Saturday, February 27, 2021

SDGs best for measuring progress. Not GDPs.

 Another Letter to the Editor to the Washington Post that will never be printed. 

Dear Editor,

Megan Mcardle did profound service to Americans and humanity (Washington Post.  “The looming disasters we don’t prepare for”.  Feb. 25, 2021) by advocating we invest now in inevitable (but likely rare) disasters.  Few give thought to the multitude of inevitable disasters capable of disrupting earthly life in more damaging ways the Covid19.   Mcardle won’t be the only Cassandra history will note (assuming civilization survives).  Richard Clarke’s 2017 book “Warnings” detailed eight events experts were warning about and yet policy makers ignored.  Clarke offered eight more we should be preparing for (spoiler alert - #2 was “pandemics”).  His middle chapter offered 3 reasons why we don’t listen.  But it’s worse than that.

We don’t even do the things we know we should!  Never have we had more information regarding our need to eat healthy, exercise regularly, don’t smoke, or abuse drugs.  Yet obesity, suicides, and drug overdoses were increasing before the pandemic.  And nearly as many Americans died in 2020 from smoking as from Covid19.

Add to these factors the human mind’s creative capacity to believe ANYTHING.  Then kill or die for defending an erroneous belief.  

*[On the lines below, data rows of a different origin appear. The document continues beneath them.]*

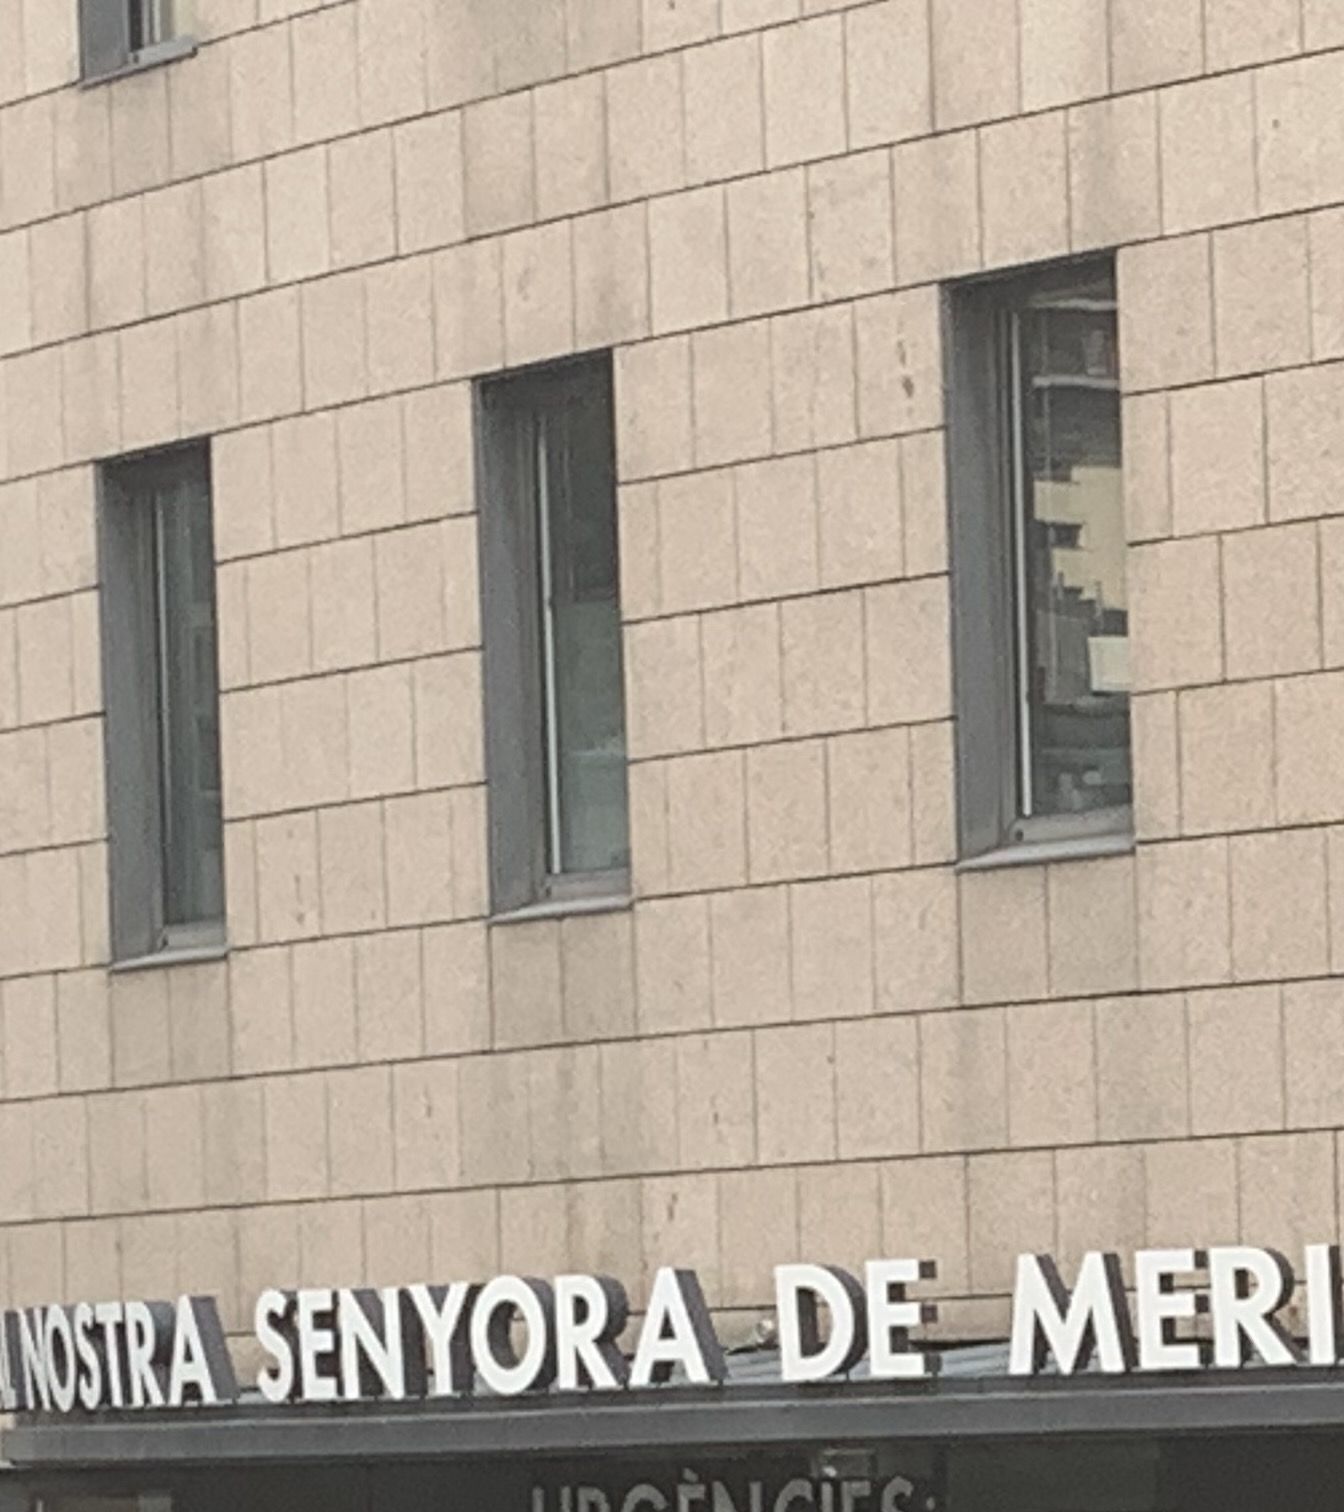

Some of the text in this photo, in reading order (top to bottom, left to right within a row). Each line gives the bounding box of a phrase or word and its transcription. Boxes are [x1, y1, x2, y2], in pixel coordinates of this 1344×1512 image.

[18, 1294, 219, 1412] NOSTRA
[255, 1266, 713, 1403] SENYORA
[775, 1257, 928, 1383] DE
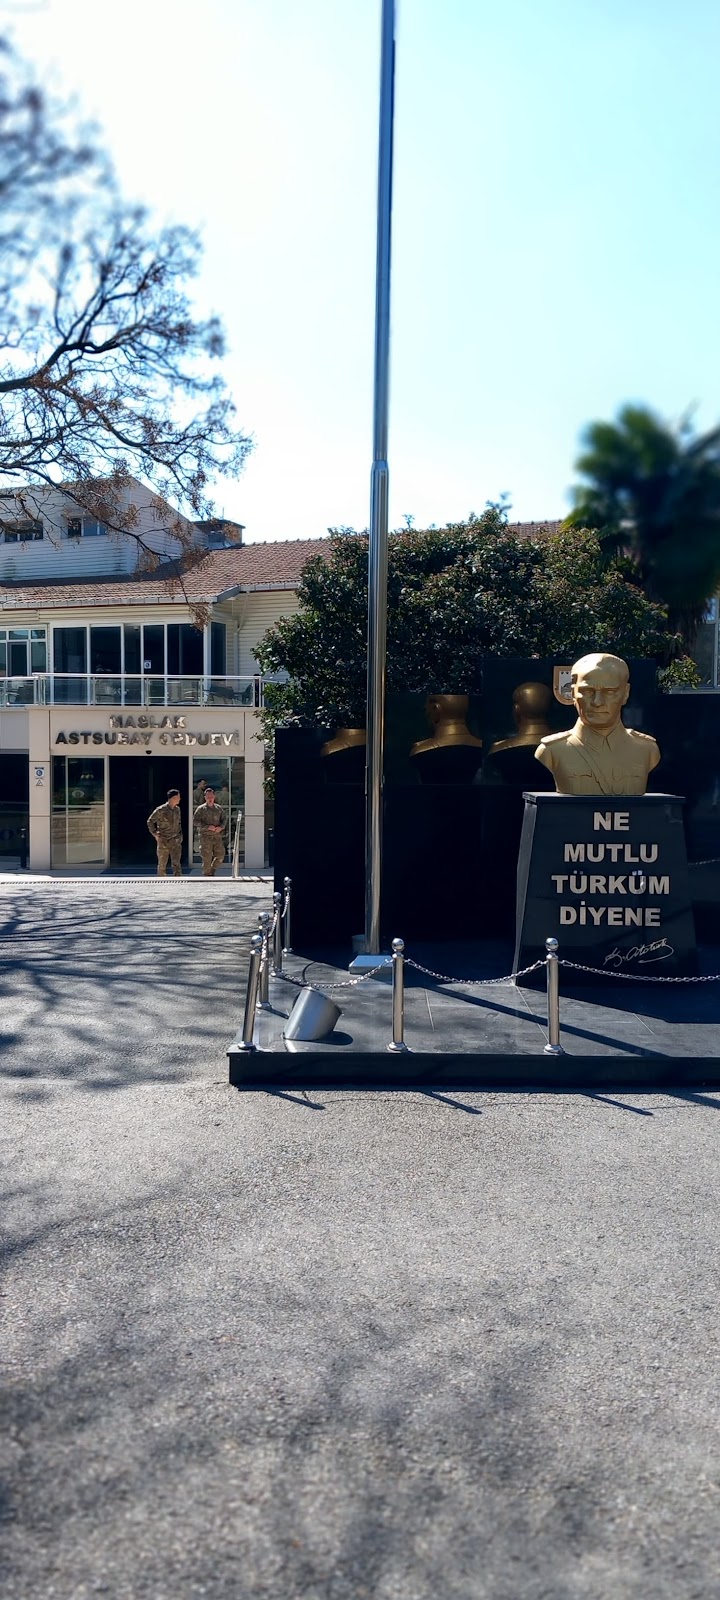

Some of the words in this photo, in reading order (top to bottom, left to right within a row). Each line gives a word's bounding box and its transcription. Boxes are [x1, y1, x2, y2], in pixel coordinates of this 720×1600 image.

[109, 715, 187, 729] MASLAK
[55, 731, 152, 746] ASTSUBAY
[160, 729, 240, 746] ORDUEVİ
[593, 811, 630, 831] NE
[564, 843, 659, 863] MUTLU
[551, 870, 670, 895] TÜRKÜM
[559, 900, 661, 927] DİYENE

To best prepare for increasing global chaos absent any rare threats it would be best investing urgently in achieving the 17 Sustainable Development Goals (SDGs).  These SDGs are a comprehensive global approach to preventing most of today’s crisis.  Achieving them would be a wise insurance policy to enable humanity to recover from any disaster as well for preparing every nation for unlikely threats the future will bring. 

As Hazel Henderson keeps warning humanity, the SDGs are infinitely more useful as a score card for measuring human progress - and our species capacity to thrive.  The SDGs need to replace the GDP as our measure of real progress.